My time on Mars wasn’t spent on the real Mars. I was 8,200 feet up on the Mauna Loa volcano, in Hawaii. It was my good fortune that my visit lasted only 24 hours.
The Road to the Red Planet
Just days earlier, on August 28, a team of six scientists, engineers, and astronaut hopefuls reached a milestone. They completed a full year in the simulated Mars habitat. It is known as HI-SEAS (Hawaii Space Exploration Analog and Simulation). The “hab” features a 1,200-square-foot dome with a sleeping loft, two small bathrooms, a small kitchen, and a storage area stocked with food.
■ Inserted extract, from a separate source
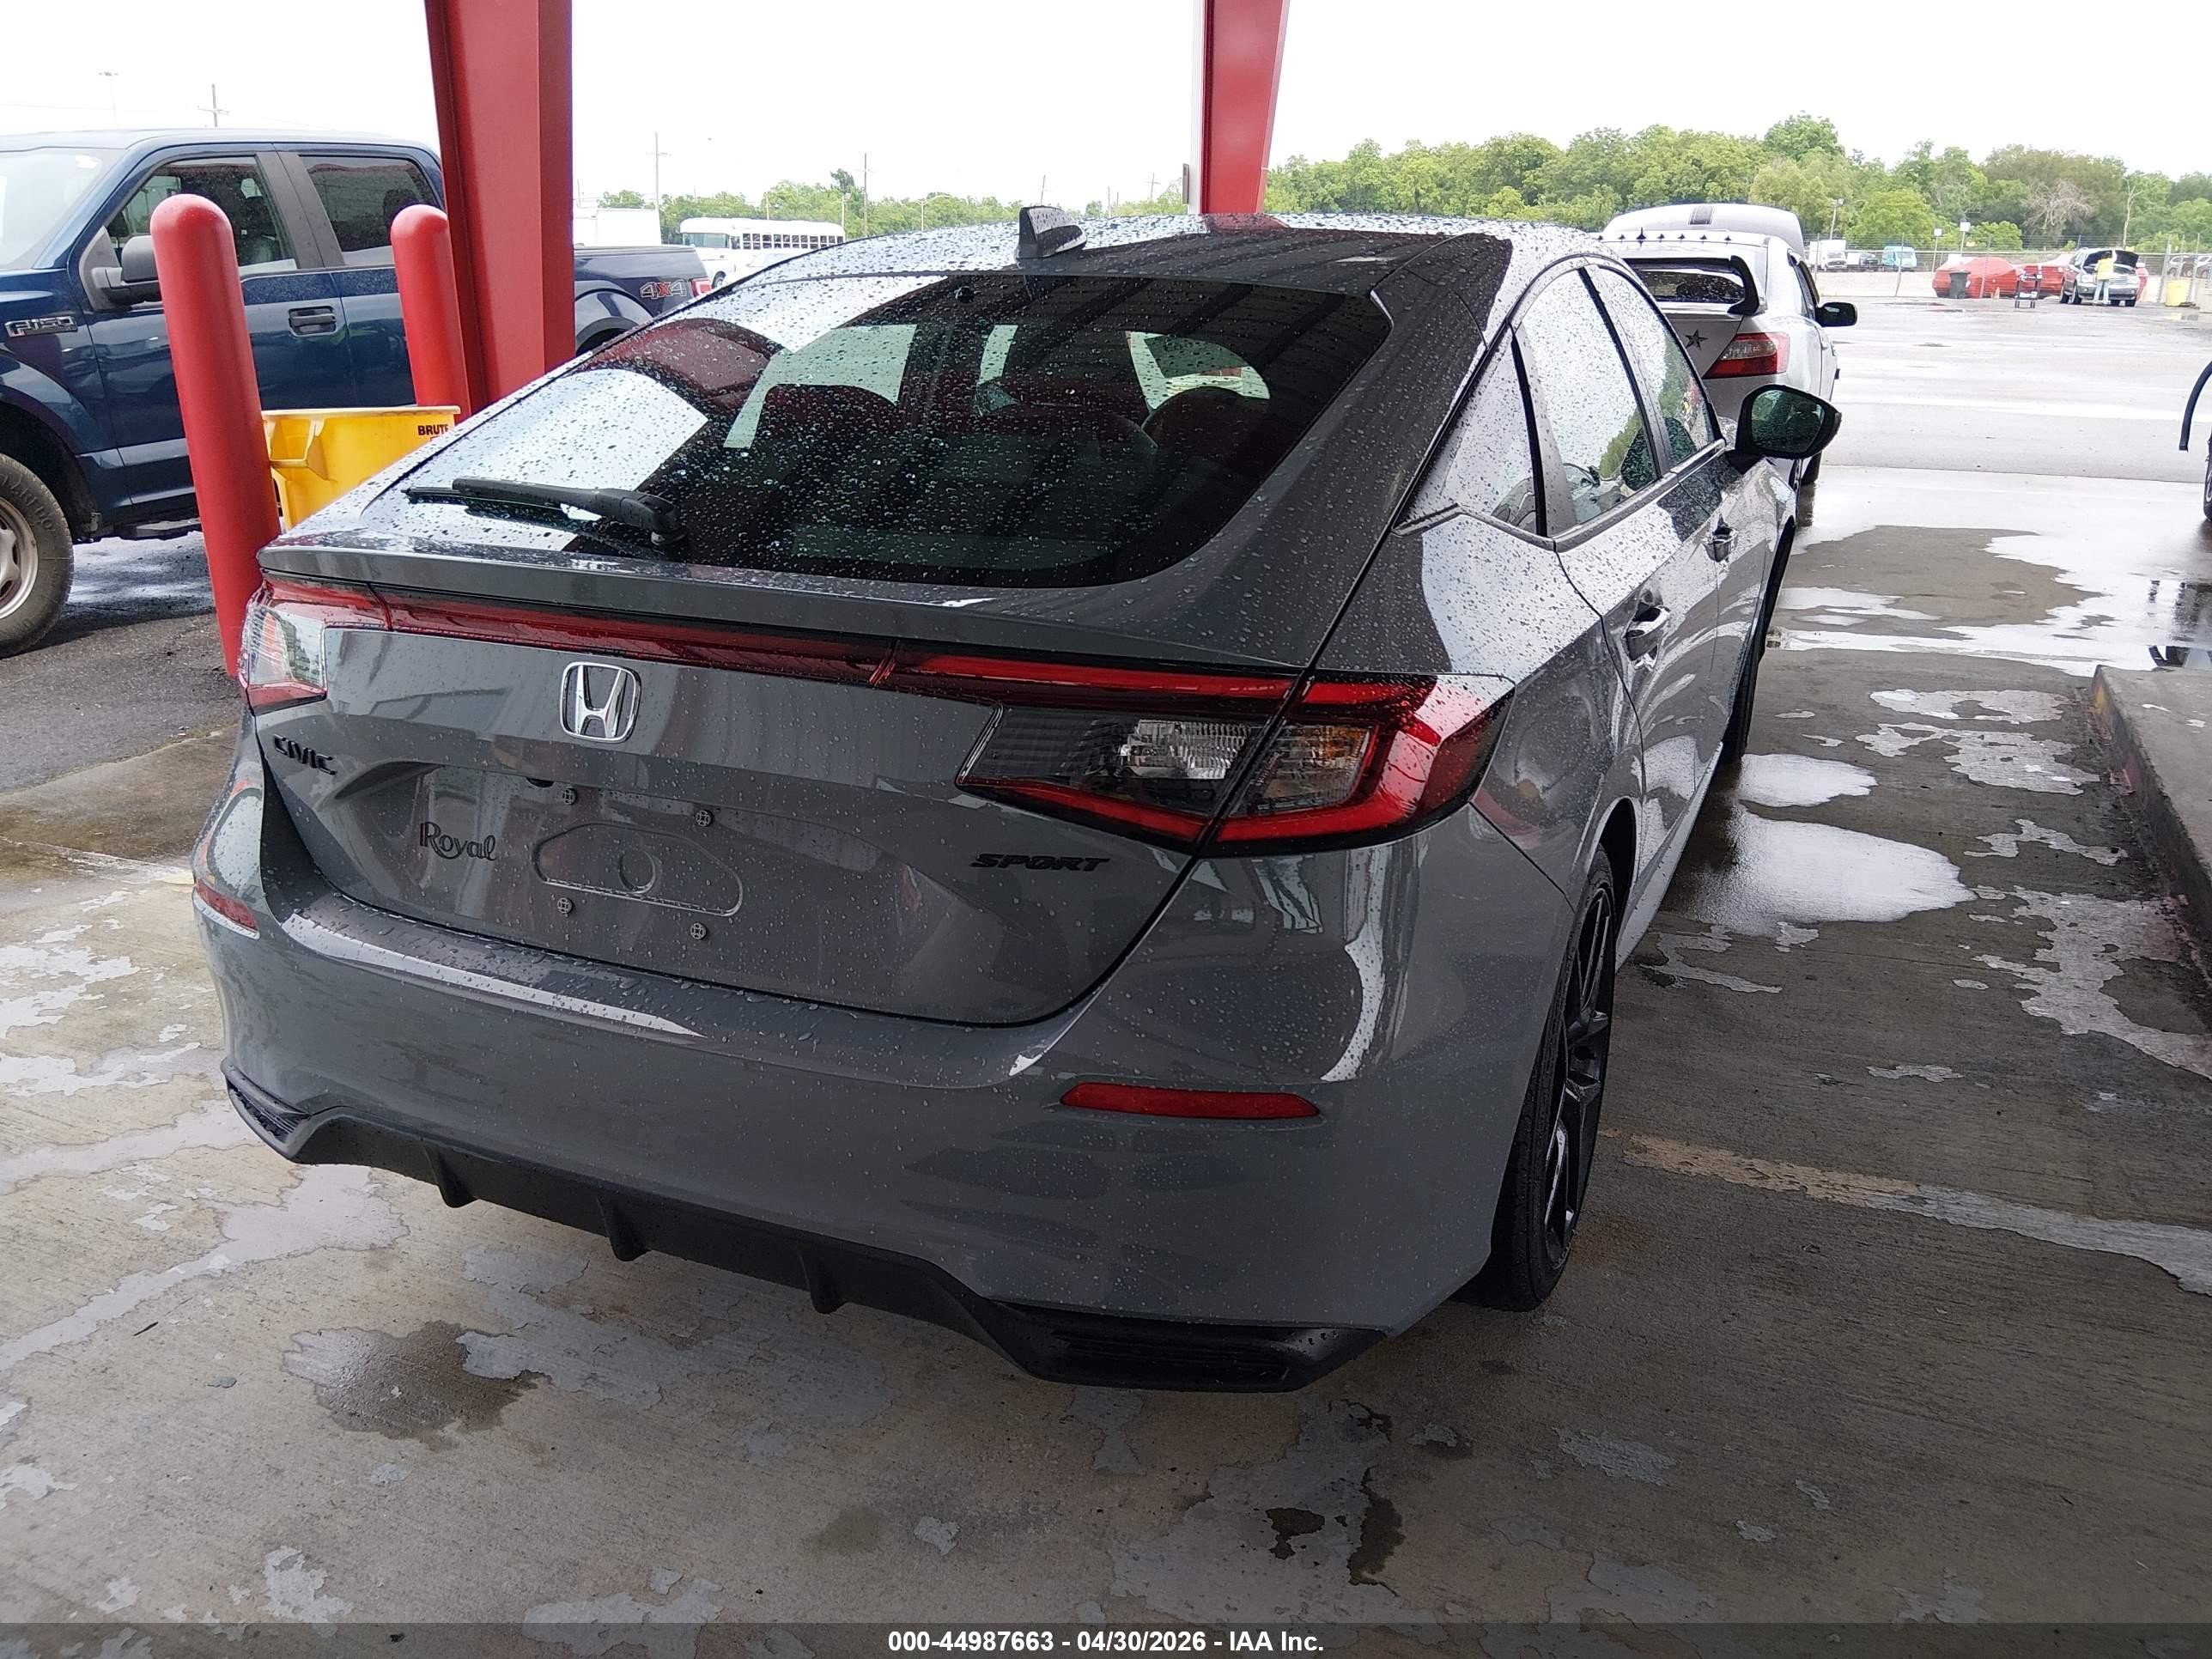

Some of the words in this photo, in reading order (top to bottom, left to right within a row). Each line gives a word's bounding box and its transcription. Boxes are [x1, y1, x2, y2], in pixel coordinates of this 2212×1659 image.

[273, 733, 337, 775] CIVIC
[419, 821, 496, 861] Royal
[969, 853, 1110, 872] SPORT
The hab is comanaged by NASA and the University of Hawaii.
The crew could go outside for Mars walks, but only in full-body space suits. They could communicate with Mission Control and family members, but only by e-mail or text. A communication had to have a 20-minute, one-way delay. That is the length of time it takes for a message to travel between Mars and Earth. Why such strict rules? Scientists need to better understand how long-term space travel affects the human mind.
There have been three HI-SEAS missions before this one. None has lasted as long. At least two years of travel would be required to send people to the Red Planet and bring them back.
“NASA needs to understand what happens with numerous teams for really long periods,” says Steve Kozlowski. He is a psychologist and HI-SEAS researcher. “Only then can we know what to expect from a real Mars crew.”
The Power of Pretending
My two walks outdoors were mostly for fun. The HI-SEAS teams’ missions are not. Team members are sent out to collect and study rocks. That’s what they’d be doing on Mars, after all.
My 24 hours on fake Mars were nothing next to the year the HI-SEAS crew completed. The work being done in a hab in Hawaii brings the major achievement of getting people on Mars an important step closer.